The algorithm works by searching for matches of a maximum-length marking them and continuing the search ignoring marked tokens. Hence, the algorithm might prefer a larger match containing for example 6 tokens over two smaller matches containing 4 and 3 tokens, which obviously would be the better tiling. It can be proven that the algorithm is optimal if tiles of length 1 are allowed. However, allowing tiles of length 1 is usually unwise, since it reduces the algorithm to a simple word matching algorithm. For a detailed description, please refer to [1].
[1] Wise, Michael J.: String Similarity via Greedy String Tiling and Running Karp-Rabin Matching. (1993)
ShingleCloud belongs the family of n-gram overlap algorithms. The algorithm works by building a hash-table for each n-gram in the needle which is then used to test each n-gram in the haystack. From this a marker string (e.g., [NoMatch, NoMatch, Match, Match, NoMatch, Match]) is constructed which is then further processed.
This set up allows for very flexible matching, which is still very fast (ShingleCloud runs in linear time). In the example, ShingleCloud could, for example, either decide to create two small matches (one with two matching shingles and one with one matching shingle) or to create a larger match ignoring the one not matching shingle in the group of matching shingles.

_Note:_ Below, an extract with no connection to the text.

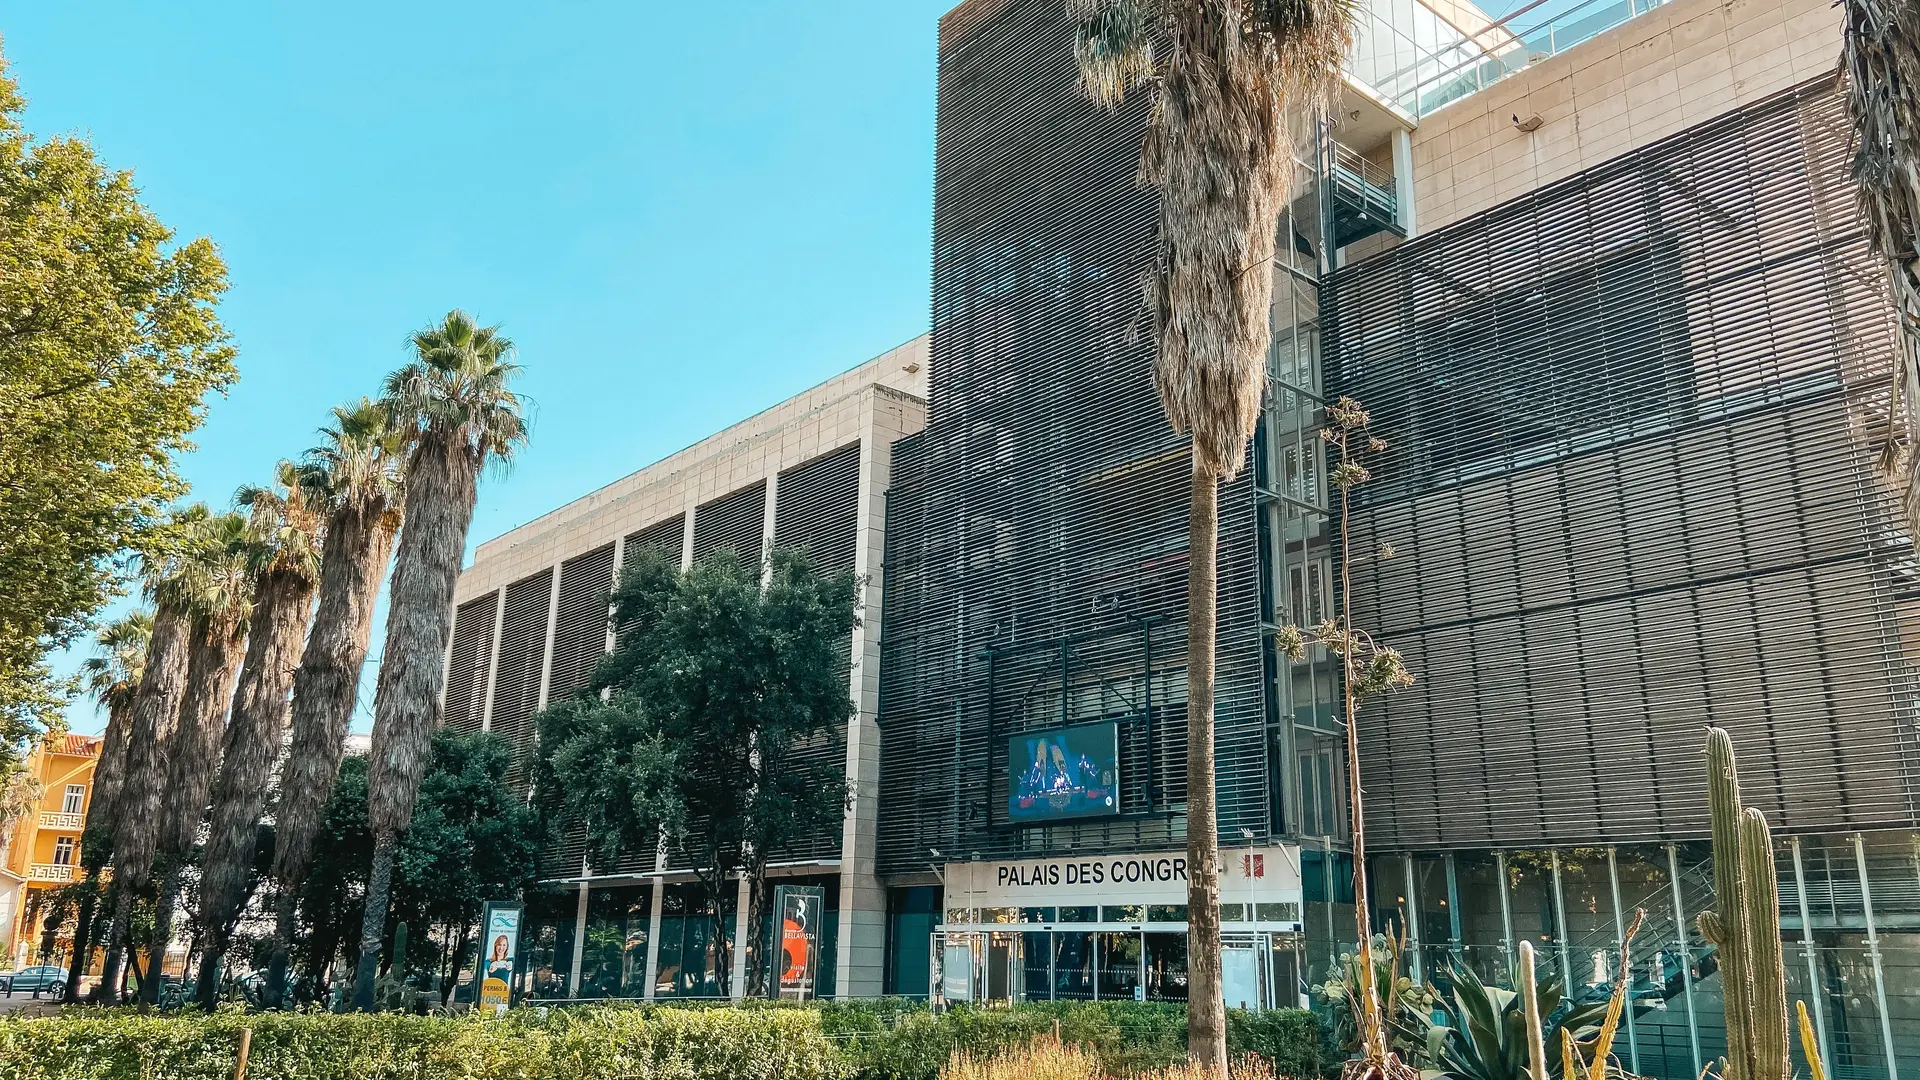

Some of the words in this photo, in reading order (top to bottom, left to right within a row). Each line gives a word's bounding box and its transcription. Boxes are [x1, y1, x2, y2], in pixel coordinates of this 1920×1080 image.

[998, 864, 1060, 886] PALAIS
[1066, 862, 1105, 884] DES
[1110, 858, 1188, 883] CONGR

To give you a general idea on how to work with the two algorithms we have compiled a few examples using different configurations. You should also have a look at the command line interface which was added in version 0.4.
This example uses a standard ShingleCloud match object configured to use 2-grams.
String haystack = "This is some text that you want to search through";
String needle = "some text you want to find";
/* preparing the match object */
ShingleCloud sc = new ShingleCloud(haystack);
sc.setNGramSize(2);
sc.setMinimumNumberOfOnesInMatch(1);
sc.setSortMatchesByRating(false);
/* searching for the needle */
sc.match(needle);
/* displaying results */
System.out.println("ShingleCloud found " + sc.getMatches().size() + " match(es).");
ShingleCloudMatch firstMatch = sc.getMatches().get(0);
System.out.println("The first match consists of " + firstMatch.getNumberOfMatchedShingles() + " shingle(s).");
System.out.println("Its indirect rating is " + firstMatch.getIndirectRating());
System.out.println("The matching shingles were: " + firstMatch.getMatchedShingles());
ShingleCloudMatch secondMatch = sc.getMatches().get(1);
System.out.println("The second match consists of " + secondMatch.getNumberOfMatchedShingles() + " shingle(s).");
System.out.println("Its indirect rating is " + secondMatch.getIndirectRating());
System.out.println("The matching shingles were: " + secondMatch.getMatchedShingles());
This would produce the following output:
ShingleCloud found 2 match(es).
The first match consists of 1 shingle(s).
Its indirect rating is 0.2
The matching shingles were: some text
The second match consists of 2 shingle(s).
Its indirect rating is 0.4
The matching shingles were: you want to
In this example we use a standard GST match object configured to find tiles with a minimum length of 2.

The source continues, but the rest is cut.